*What you need to do*.
Print every entry below exactly, leaving out the pictures.

*** Data provided ***

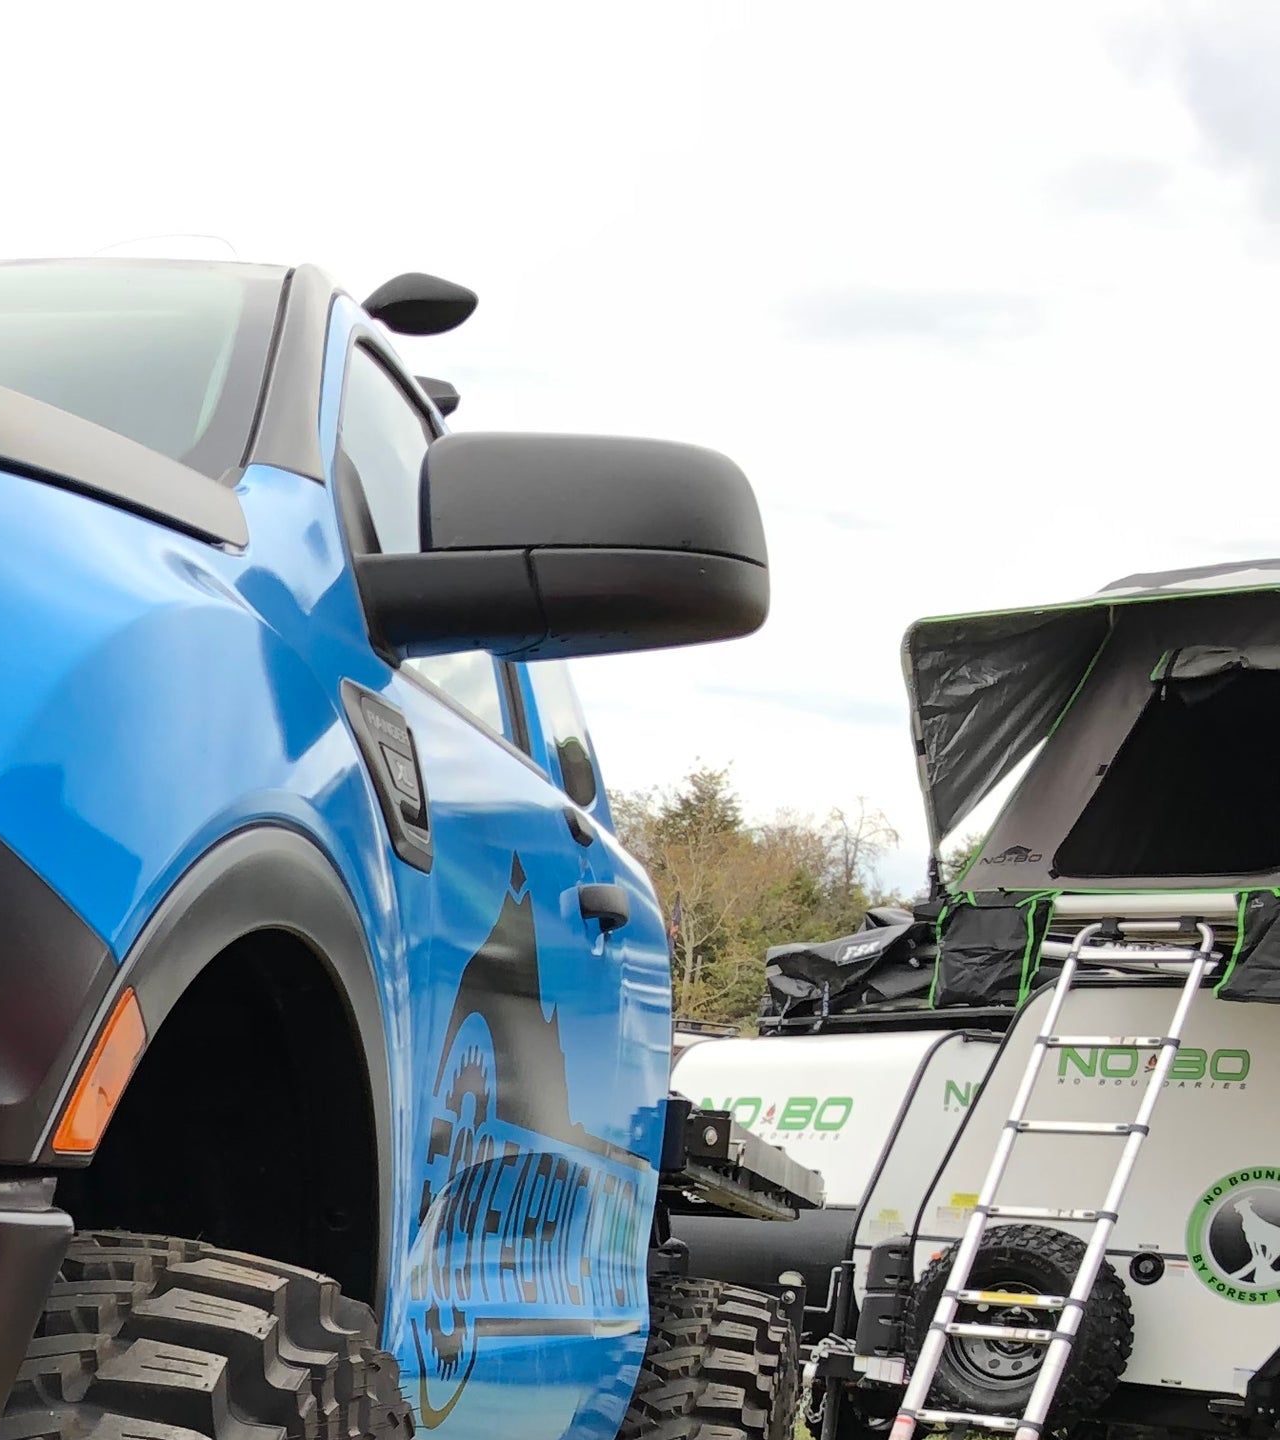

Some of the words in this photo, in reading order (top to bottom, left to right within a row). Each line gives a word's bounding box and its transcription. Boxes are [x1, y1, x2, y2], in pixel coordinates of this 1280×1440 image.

[943, 1079, 983, 1107] N
[1099, 1080, 1246, 1090] BOUDARIES
[777, 1097, 853, 1131] BO
[1203, 1186, 1223, 1205] NO
[1228, 1170, 1280, 1187] BOUN
[1192, 1254, 1208, 1272] BY
[1208, 1276, 1268, 1302] FOREST

*** End of Data provided ***

*Answer*.
Some of the words in this photo, in reading order (top to bottom, left to right within a row). Each line gives a word's bounding box and its transcription. Boxes are [x1, y1, x2, y2], in pixel coordinates of this 1280×1440 image.

[943, 1079, 983, 1107] N
[1099, 1080, 1246, 1090] BOUDARIES
[777, 1097, 853, 1131] BO
[1203, 1186, 1223, 1205] NO
[1228, 1170, 1280, 1187] BOUN
[1192, 1254, 1208, 1272] BY
[1208, 1276, 1268, 1302] FOREST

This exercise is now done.